• [ACTION ITEM]:
For this exercise, retype each line of the material below verbatim and omit any picture.

====== LISTED ENTRIES

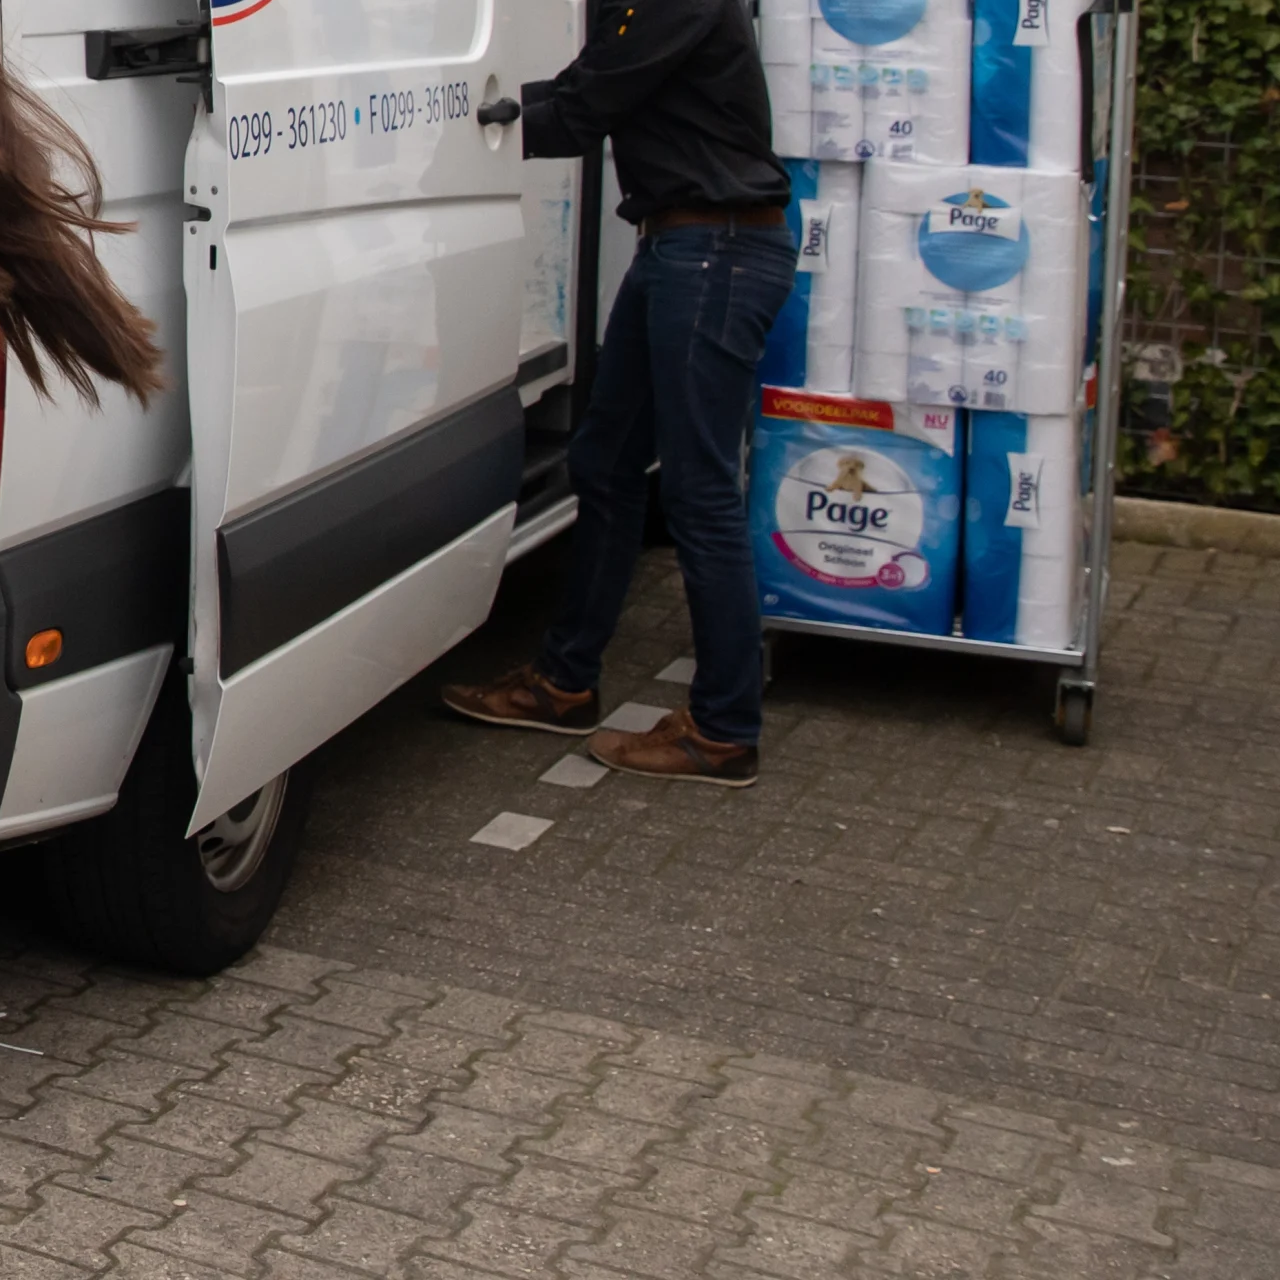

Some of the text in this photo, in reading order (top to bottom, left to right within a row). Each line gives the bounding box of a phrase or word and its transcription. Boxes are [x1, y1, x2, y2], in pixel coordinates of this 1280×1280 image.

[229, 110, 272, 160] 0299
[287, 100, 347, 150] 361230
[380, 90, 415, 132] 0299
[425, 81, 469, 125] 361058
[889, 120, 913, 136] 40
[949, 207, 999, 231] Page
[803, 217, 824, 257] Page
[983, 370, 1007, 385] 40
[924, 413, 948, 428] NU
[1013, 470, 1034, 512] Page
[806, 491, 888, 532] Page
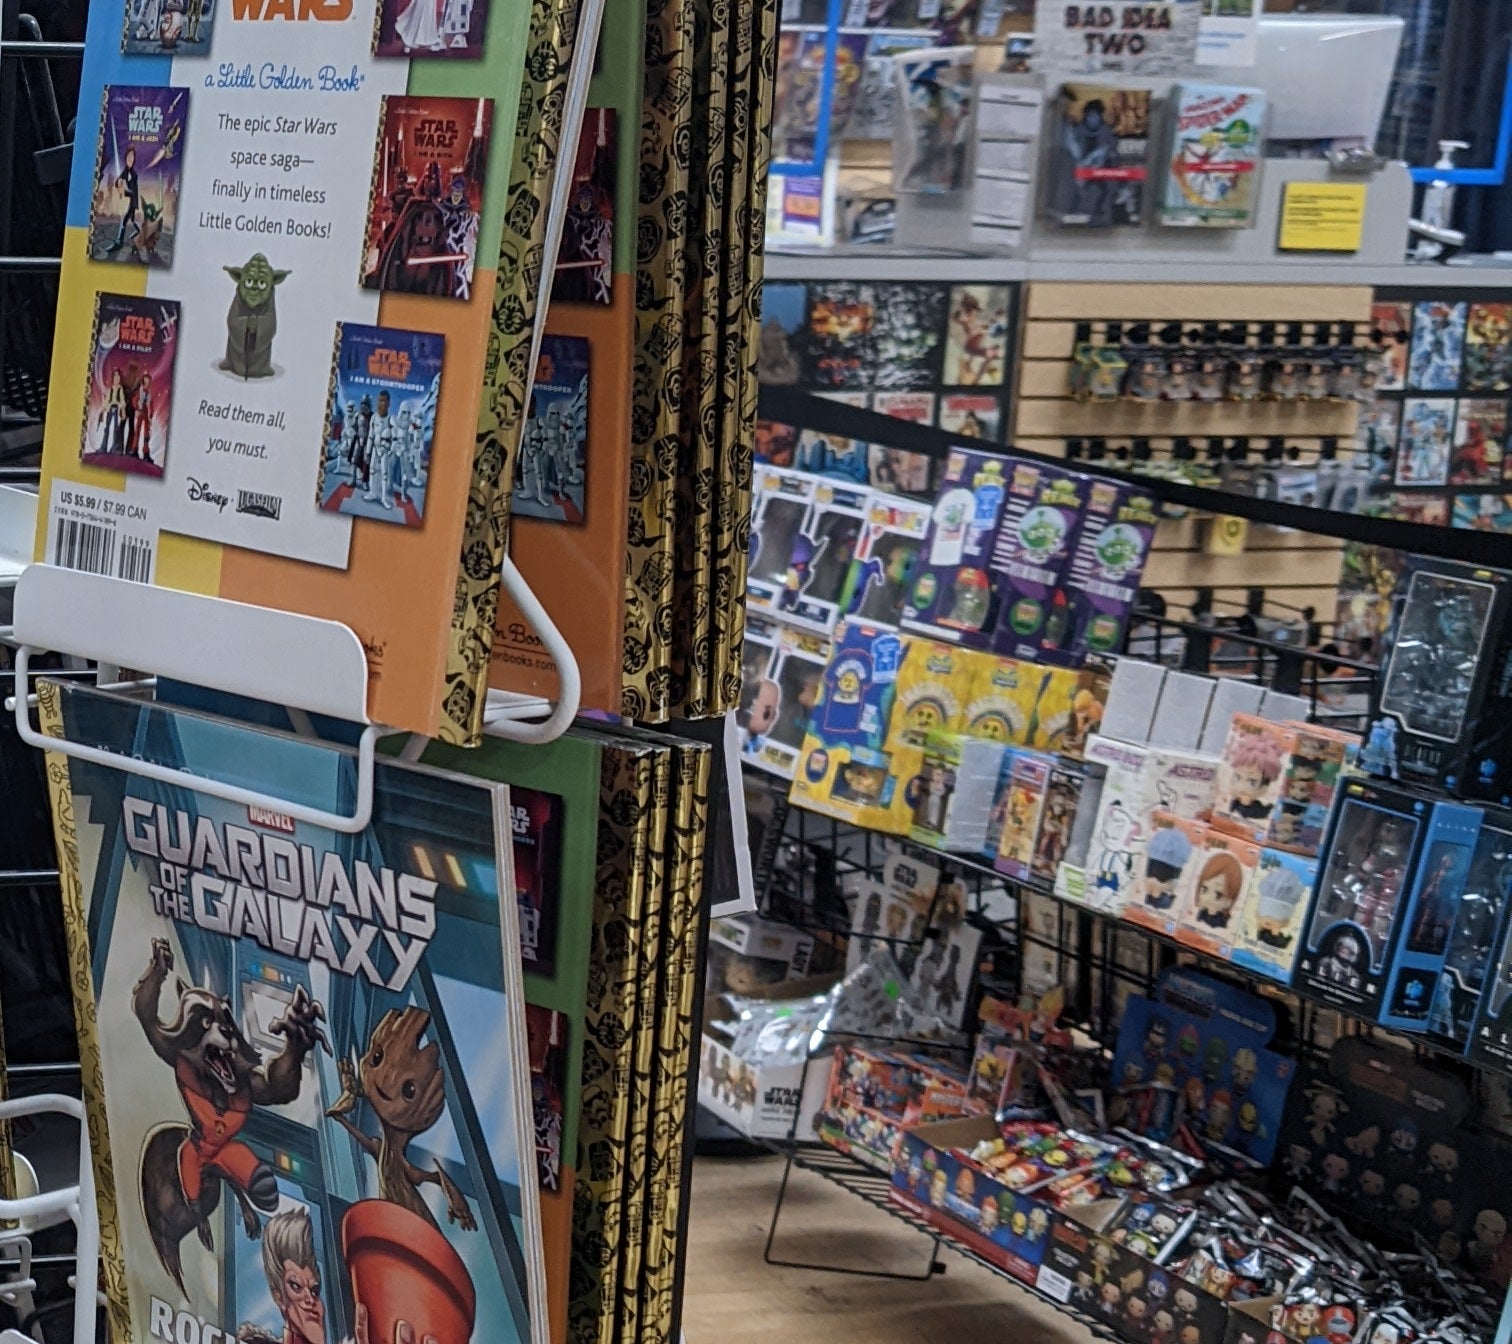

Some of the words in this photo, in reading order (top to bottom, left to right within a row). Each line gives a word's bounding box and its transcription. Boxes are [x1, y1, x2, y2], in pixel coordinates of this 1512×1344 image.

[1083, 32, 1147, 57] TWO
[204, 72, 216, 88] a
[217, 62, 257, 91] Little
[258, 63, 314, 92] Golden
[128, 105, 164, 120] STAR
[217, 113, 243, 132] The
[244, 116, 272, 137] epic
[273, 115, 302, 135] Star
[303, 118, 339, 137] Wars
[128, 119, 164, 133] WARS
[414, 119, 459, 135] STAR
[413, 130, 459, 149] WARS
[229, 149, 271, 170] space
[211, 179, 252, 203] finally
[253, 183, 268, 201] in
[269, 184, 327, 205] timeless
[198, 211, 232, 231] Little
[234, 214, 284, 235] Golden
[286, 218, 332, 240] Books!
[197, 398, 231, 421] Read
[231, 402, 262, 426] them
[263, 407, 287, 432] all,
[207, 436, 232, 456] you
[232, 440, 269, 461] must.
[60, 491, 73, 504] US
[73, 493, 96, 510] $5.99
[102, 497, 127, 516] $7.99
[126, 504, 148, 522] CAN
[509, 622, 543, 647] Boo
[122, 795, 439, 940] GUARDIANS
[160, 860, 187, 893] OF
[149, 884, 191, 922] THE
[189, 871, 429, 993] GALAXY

============

• [REPLY TO THE EXERCISE]:
Some of the text in this photo, in reading order (top to bottom, left to right within a row). Each line gives the bounding box of a phrase or word and its transcription. Boxes are [x1, y1, x2, y2], in pixel coordinates of this 1280×1280 image.

[229, 110, 272, 160] 0299
[287, 100, 347, 150] 361230
[380, 90, 415, 132] 0299
[425, 81, 469, 125] 361058
[889, 120, 913, 136] 40
[949, 207, 999, 231] Page
[803, 217, 824, 257] Page
[983, 370, 1007, 385] 40
[924, 413, 948, 428] NU
[1013, 470, 1034, 512] Page
[806, 491, 888, 532] Page

Some of the words in this photo, in reading order (top to bottom, left to right within a row). Each line gives a word's bounding box and its transcription. Boxes are [x1, y1, x2, y2], in pixel coordinates of this 1512×1344 image.

[1083, 32, 1147, 57] TWO
[204, 72, 216, 88] a
[217, 62, 257, 91] Little
[258, 63, 314, 92] Golden
[128, 105, 164, 120] STAR
[217, 113, 243, 132] The
[244, 116, 272, 137] epic
[273, 115, 302, 135] Star
[303, 118, 339, 137] Wars
[128, 119, 164, 133] WARS
[414, 119, 459, 135] STAR
[413, 130, 459, 149] WARS
[229, 149, 271, 170] space
[211, 179, 252, 203] finally
[253, 183, 268, 201] in
[269, 184, 327, 205] timeless
[198, 211, 232, 231] Little
[234, 214, 284, 235] Golden
[286, 218, 332, 240] Books!
[197, 398, 231, 421] Read
[231, 402, 262, 426] them
[263, 407, 287, 432] all,
[207, 436, 232, 456] you
[232, 440, 269, 461] must.
[60, 491, 73, 504] US
[73, 493, 96, 510] $5.99
[102, 497, 127, 516] $7.99
[126, 504, 148, 522] CAN
[509, 622, 543, 647] Boo
[122, 795, 439, 940] GUARDIANS
[160, 860, 187, 893] OF
[149, 884, 191, 922] THE
[189, 871, 429, 993] GALAXY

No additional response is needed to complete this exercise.